Subcellular compartmentalisation of copper, iron, manganese, and zinc in the Parkinson's disease brain.

Elevated iron and decreased copper levels are cardinal features of the degenerating substantia nigra pars compacta in the Parkinson's disease brain. Both of these redox-active metals, and fellow transition metals manganese and zinc, are found at high concentrations within the midbrain and participate in a range of unique biological reactions. We examined the total metal content and cellular compartmentalisation of manganese, iron, copper and zinc in the degenerating substantia nigra, disease-affected but non-degenerating fusiform gyrus, and unaffected occipital cortex in the post mortem Parkinson's disease brain compared with age-matched controls.
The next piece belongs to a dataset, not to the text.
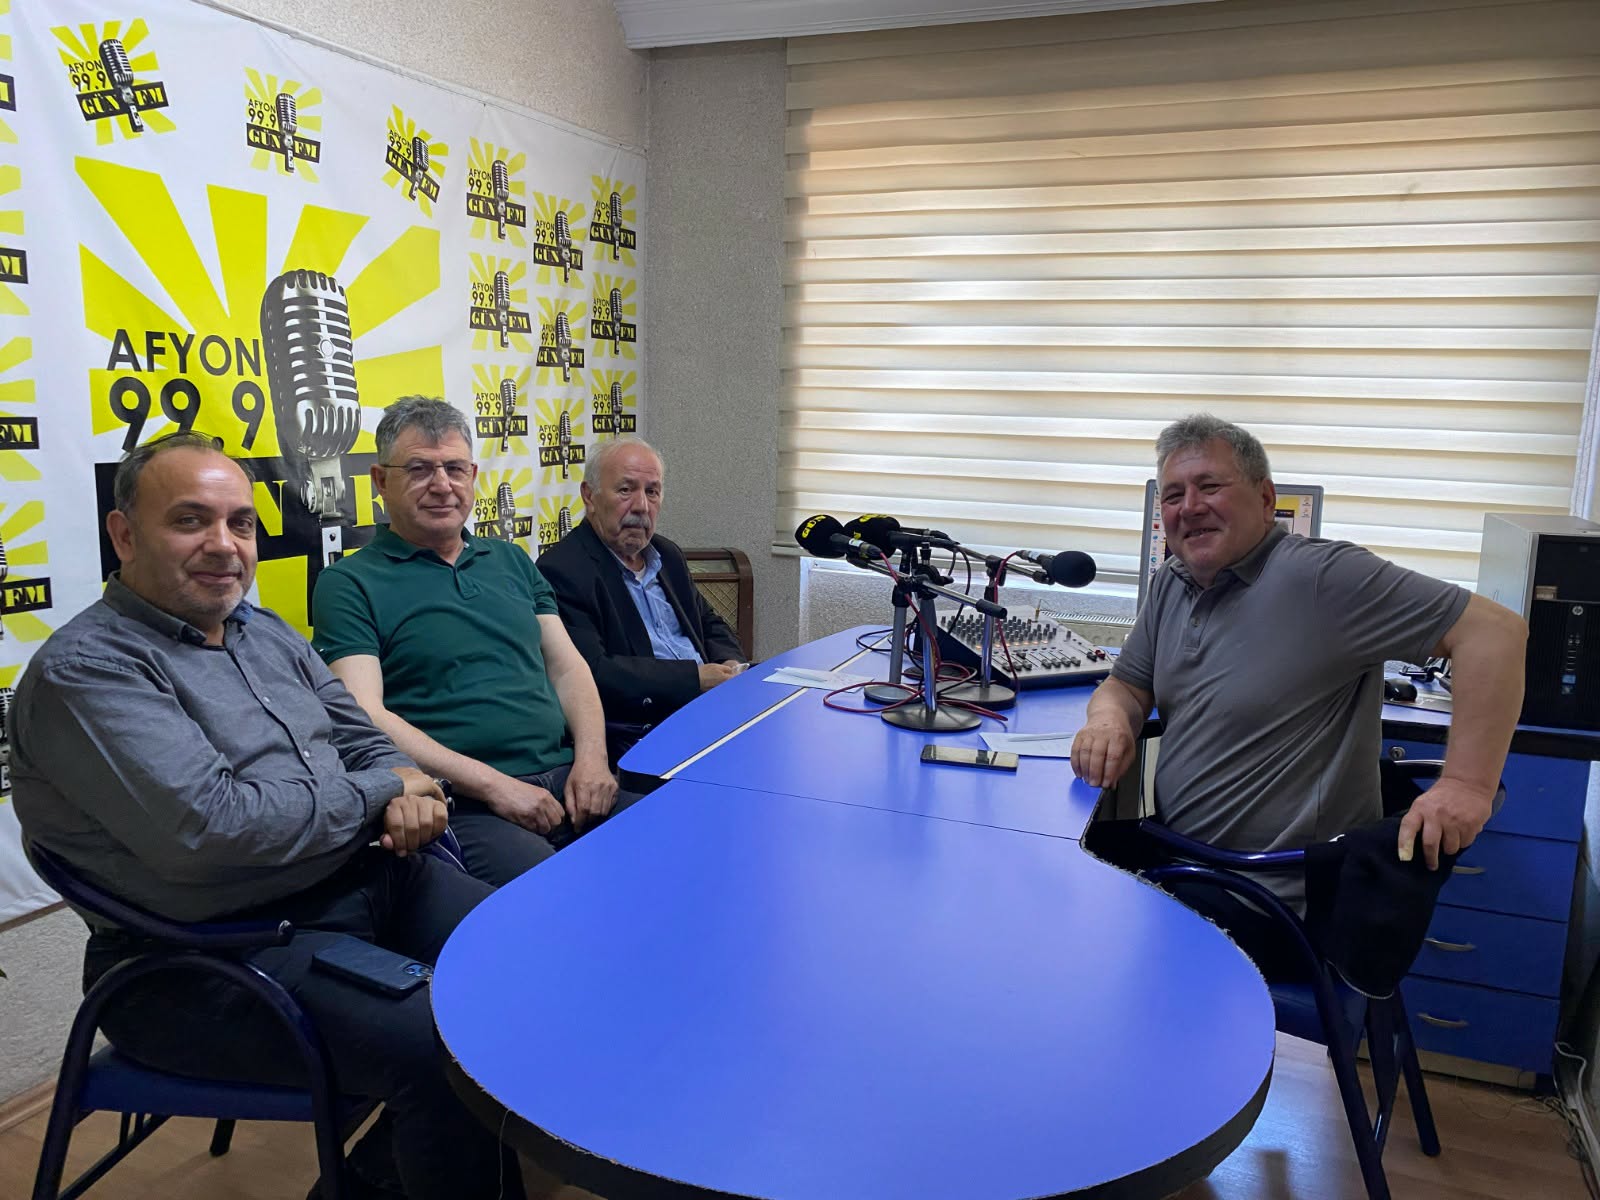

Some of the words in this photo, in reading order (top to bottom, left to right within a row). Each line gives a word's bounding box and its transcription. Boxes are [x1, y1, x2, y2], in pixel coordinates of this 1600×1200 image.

An expected increase in iron and a decrease in copper concentration was isolated to the soluble cellular fraction, encompassing both interstitial and cytosolic metals and metal-binding proteins, rather than the membrane-associated or insoluble fractions. Manganese and zinc levels did not differ between experimental groups. Altered Fe and Cu levels were unrelated to Braak pathological staging in our cases of late-stage (Braak stage V and VI) disease. The data supports our hypothesis that regional alterations in Fe and Cu, and in proteins that utilise these metals, contribute to the regional selectively of neuronal vulnerability in this disorder.